Se vienen tiempos de reforma

En la nueva coyuntura política se abre una oportunidad para propiciar cambios en el Poder Judicial, en el sistema electoral y en la Constitución local.

“La Justicia es lenta e ineficiente”. Éste es el latiguillo clásico que resume el perfil del servicio que se brinda en Mendoza.

El altísimo índice de litigiosidad, con el 20 % de la población involucrada en pleitos, se suma a los déficits estructurales de un Poder Judicial que debe avanzar en el camino de la modernización.

Las palabras del flamante presidente de la Suprema Corte de Justicia, Pedro Llorente, dan cuenta de un diagnóstico crítico y avizoran que la nueva gestión alentará las reformas necesarias que ya venían impulsando, aunque parcialmente, sus antecesores en el cargo Alejandro Pérez Hualde y Jorge Nanclares durante los últimos ocho años.
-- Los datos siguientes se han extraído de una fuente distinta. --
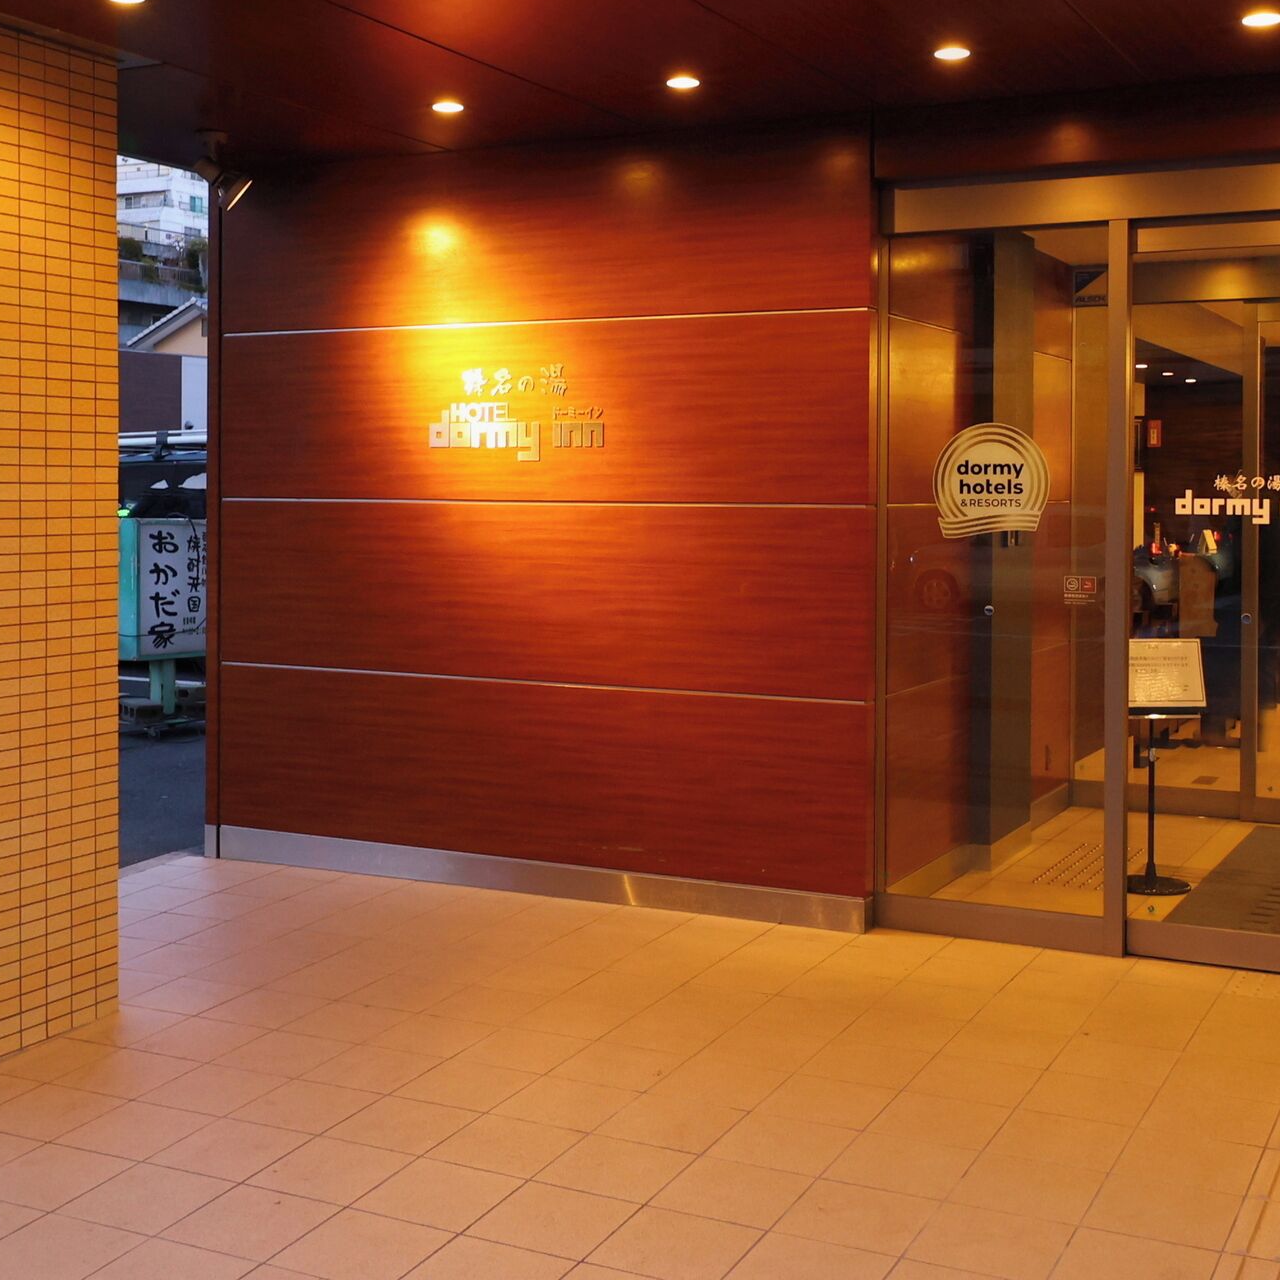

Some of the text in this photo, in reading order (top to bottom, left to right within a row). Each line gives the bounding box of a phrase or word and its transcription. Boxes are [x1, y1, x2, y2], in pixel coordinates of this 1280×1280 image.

[450, 402, 517, 422] HOTEL
[552, 407, 604, 419] ドーミーイン
[429, 410, 605, 462] dormy inn
[957, 460, 1024, 479] dormy
[959, 479, 1024, 495] hotels
[1175, 489, 1270, 524] dormy
[148, 530, 180, 649] おかだ家
En principio, los votos de los supremos que rechazaron la continuidad de Pérez Hualde hicieron sospechar a propios y extraños que se instauraría una etapa conservadora en el alto tribunal, lo que iría a contramano de los tiempos que corren y de la necesidad de reformas.


Discurso y políticas
Si los planteos de Llorente no quedan en el mero discurso, promoverá políticas de Estado con la intención de sumar a los otros poderes republicanos y a entidades profesionales en una cruzada que tienda a consolidar una justicia eficaz y de calidad.
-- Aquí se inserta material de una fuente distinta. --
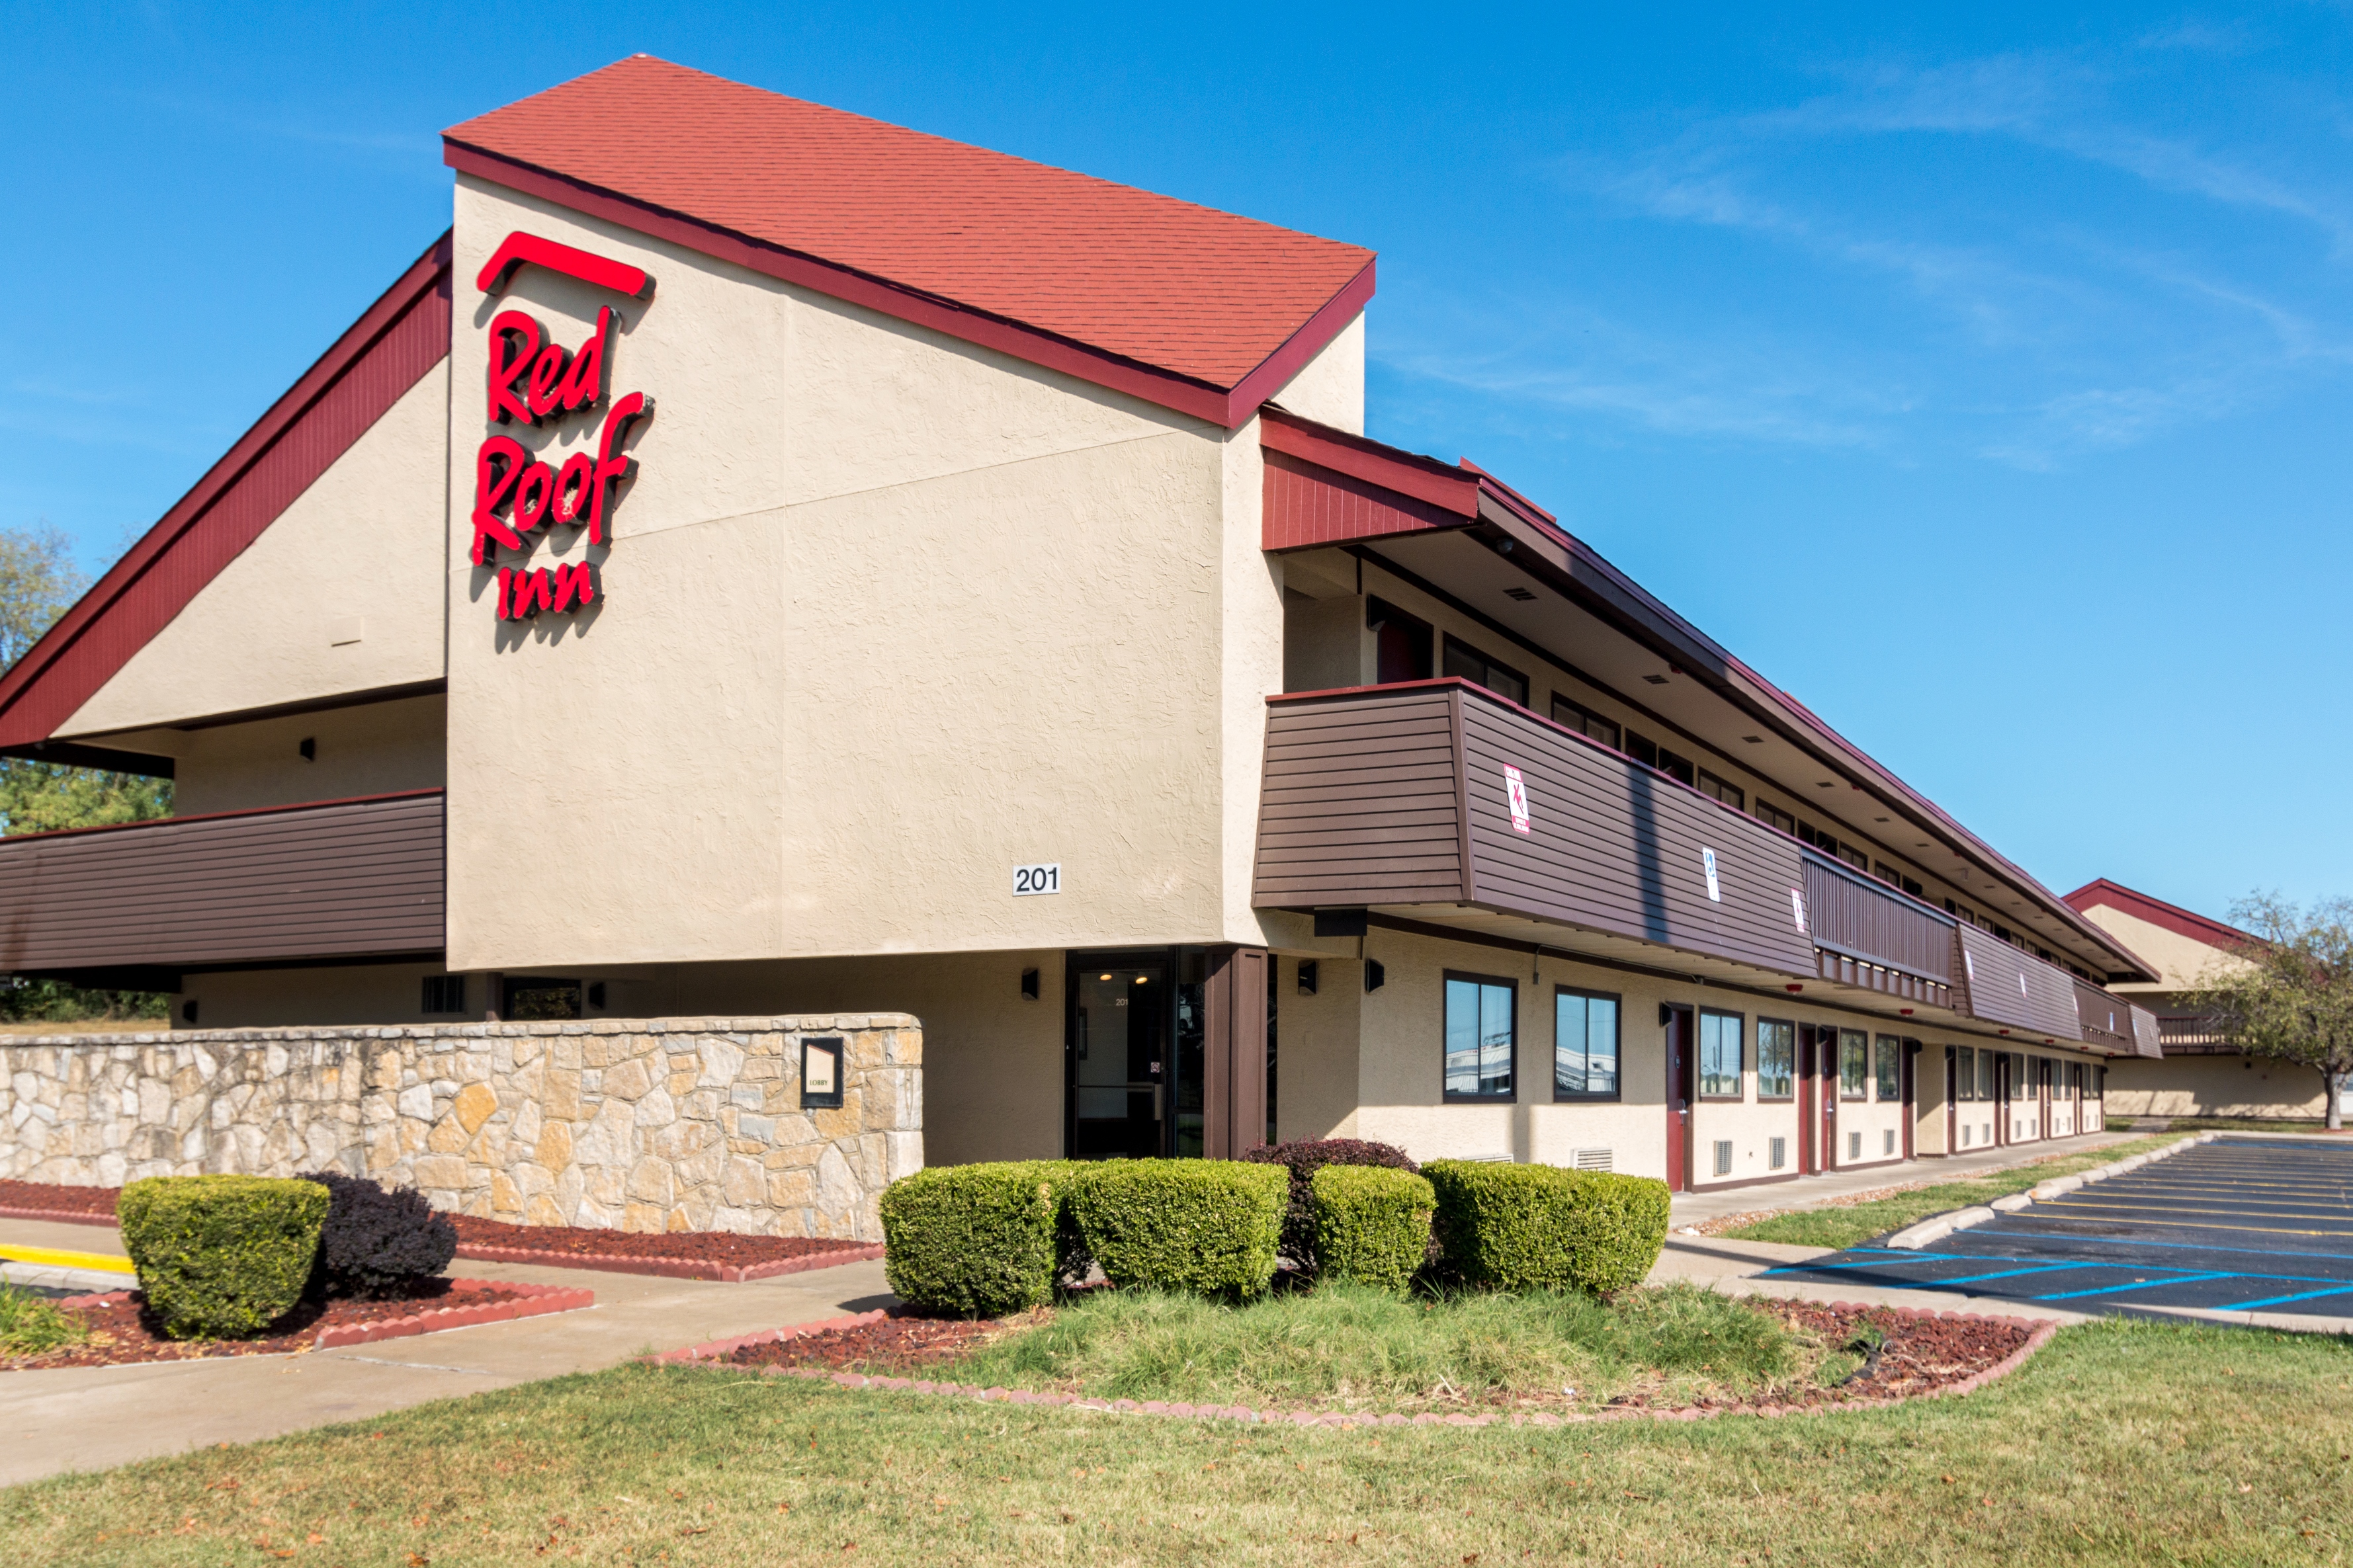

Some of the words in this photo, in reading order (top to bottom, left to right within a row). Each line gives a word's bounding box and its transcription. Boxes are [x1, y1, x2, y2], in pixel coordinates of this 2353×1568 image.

[488, 305, 611, 425] Red
[471, 391, 646, 567] Roof
[1016, 866, 1057, 892] 201
El cambio pasa por la infraestructura, la aplicación de nuevos códigos, los recursos humanos y el funcionamiento general.

No es nada sencillo, pero habrá que encararlo para brindar mayor satisfacción a los ciudadanos que demandan justicia, con exagerada propensión a litigar.
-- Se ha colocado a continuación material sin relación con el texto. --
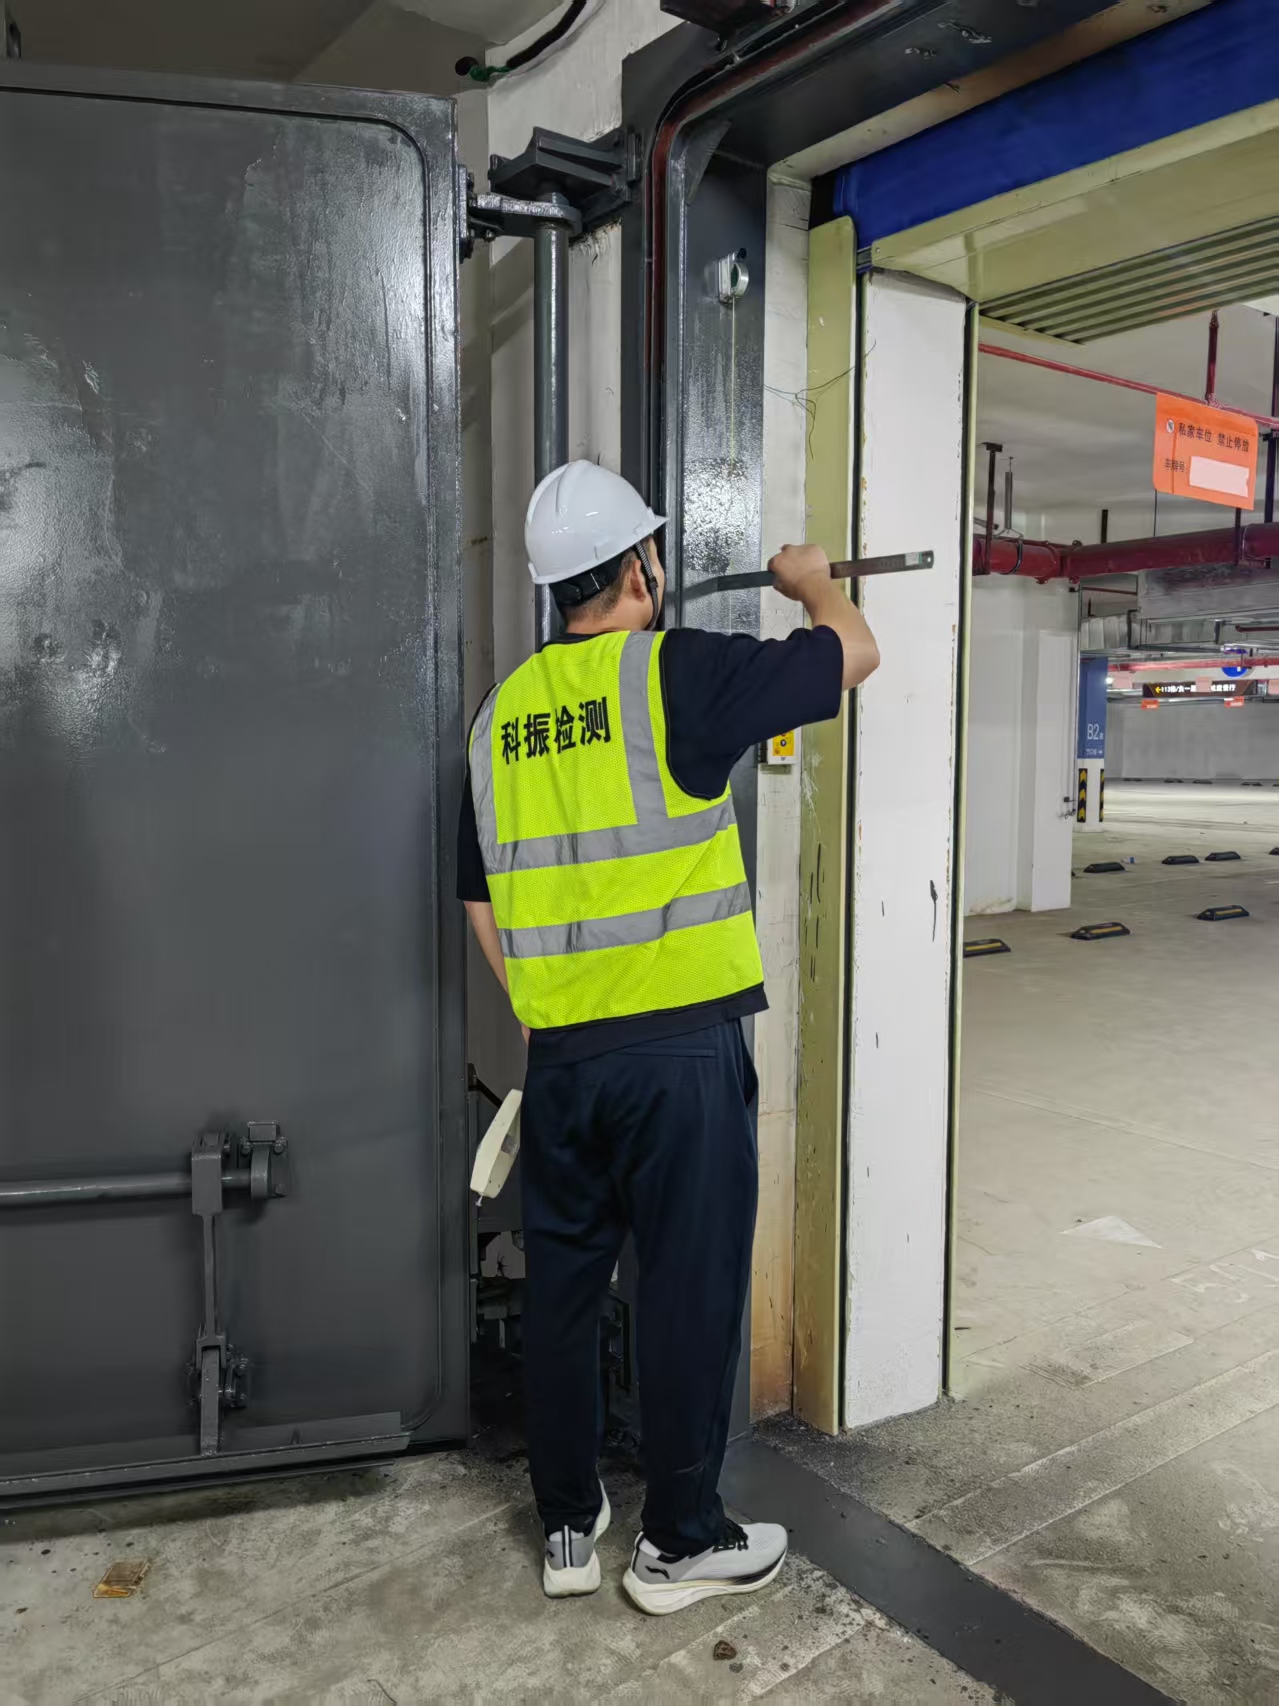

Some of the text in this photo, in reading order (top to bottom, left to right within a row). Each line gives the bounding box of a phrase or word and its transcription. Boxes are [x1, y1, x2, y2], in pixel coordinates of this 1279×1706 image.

Por otro lado, habrá que dar batalla a la industria del juicio, según advierten los juristas del fuero local.

Los nuevos tiempos llegan con aires de cambios institucionales en la Provincia.

El gobernador electo se ha pronunciado por dar la discusión sobre la reforma constitucional en un año no electoral para evitar que las especulaciones políticas, alentadas por las conveniencias partidarias, se sobrepongan al interés superior.
El 2012 que se aproxima sería el momento de la discusión por una modificación integral de la Carta Magna, para esquivar los vanos intentos de enmendar un solo artículo, como pasó en las últimas elecciones.

Paco anticipó que tiene interés en debatir el voto electrónico, la boleta única y la posibilidad de que todos los departamentos estén representados legislativamente, entre otros aspectos.

A la voluntad política del próximo gobernador se suman iniciativas de legisladores oficialistas y de la oposición que promueven, por ejemplo, la adhesión a la ley nacional N° 2657, para que Mendoza tenga su propias elecciones PASO (primarias, abiertas, simultáneas y obligatorias) para los cargos electivos locales.

Sería una posibilidad de abrir los partidos a la sociedad y de brindar mayor calidad institucional a la provincia.

El presidente del principal partido de la oposición mendocina, Alfredo Cornejo, quien asumió esta semana el cargo, ya metió en la agenda que “la principal batalla” electoral de los radicales será desdoblar las elecciones provinciales de las nacionales.

El 9 de diciembre por la tarde, Francisco Pérez arrancará su gestión e iniciará el tiempo de descuento para un mandato que dura sólo cuatro años, sin posibilidad de reelección, al menos por ahora.

Se viene una época propicia para las reformas, pero no hay tiempo para derrochar.

La experiencia indica que un período de gobierno puede ser insuficiente para realizar los cambios que hacen falta.